(Dataset records)
=======
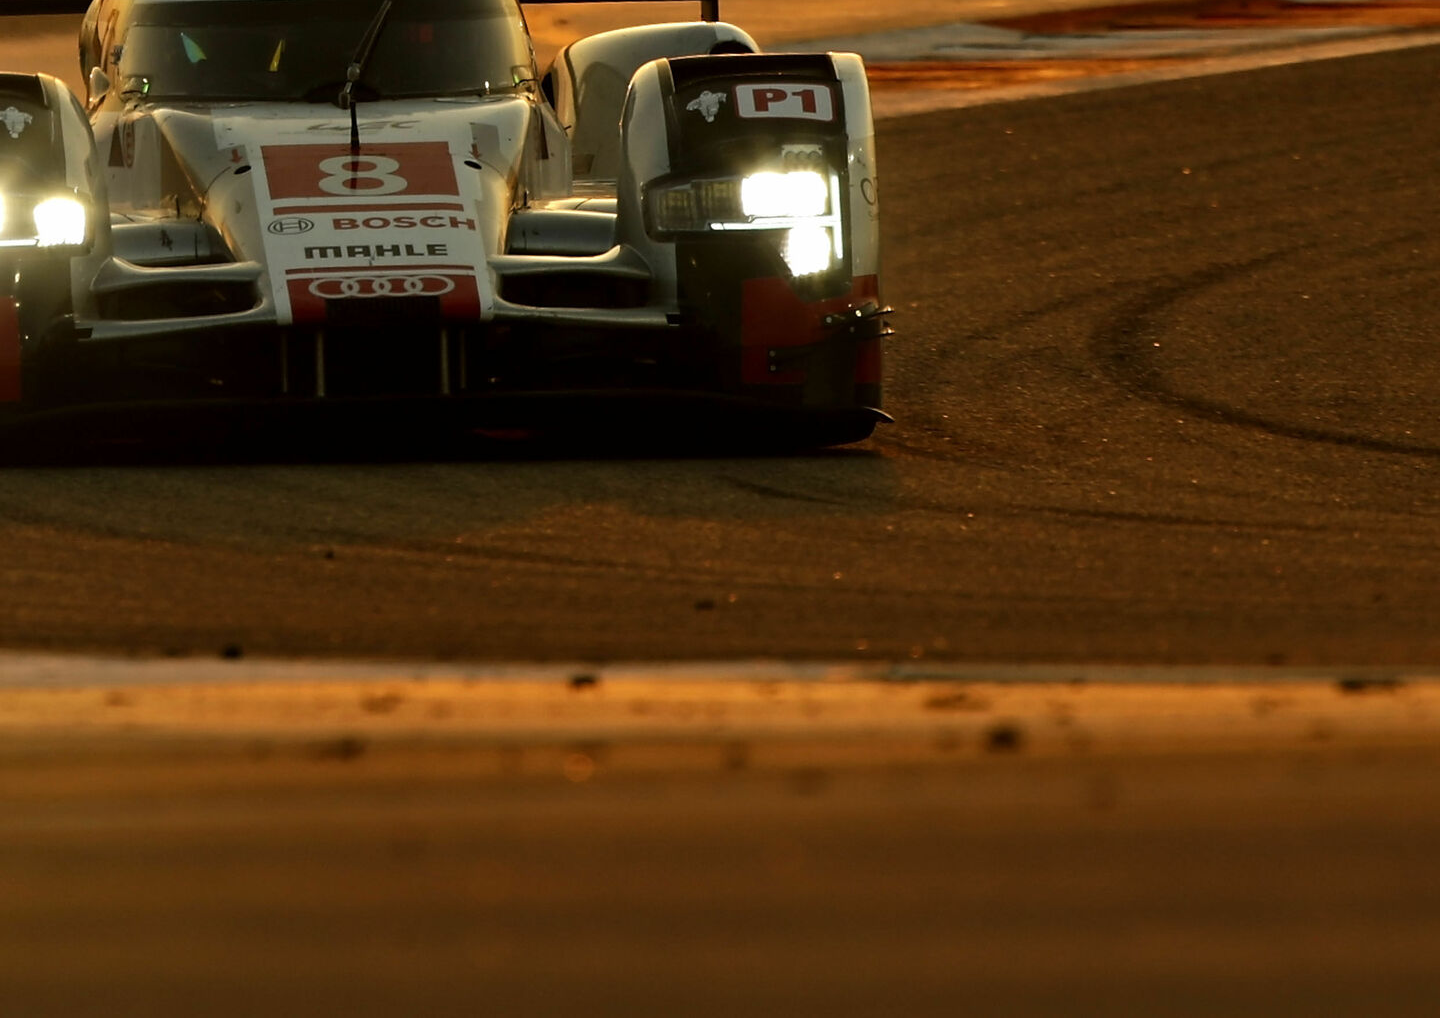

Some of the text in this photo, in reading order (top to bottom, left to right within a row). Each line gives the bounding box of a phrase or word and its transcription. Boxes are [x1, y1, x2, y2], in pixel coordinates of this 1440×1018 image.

[752, 88, 817, 113] P1
[318, 155, 408, 196] 8
[332, 216, 476, 231] BOSCH
[304, 243, 448, 259] MAHLE
=======
Problem to solve: Repeat the lines above exactly, and keep every picture out.

Your solution:
Some of the text in this photo, in reading order (top to bottom, left to right within a row). Each line gives the bounding box of a phrase or word and its transcription. Boxes are [x1, y1, x2, y2], in pixel coordinates of this 1440×1018 image.

[752, 88, 817, 113] P1
[318, 155, 408, 196] 8
[332, 216, 476, 231] BOSCH
[304, 243, 448, 259] MAHLE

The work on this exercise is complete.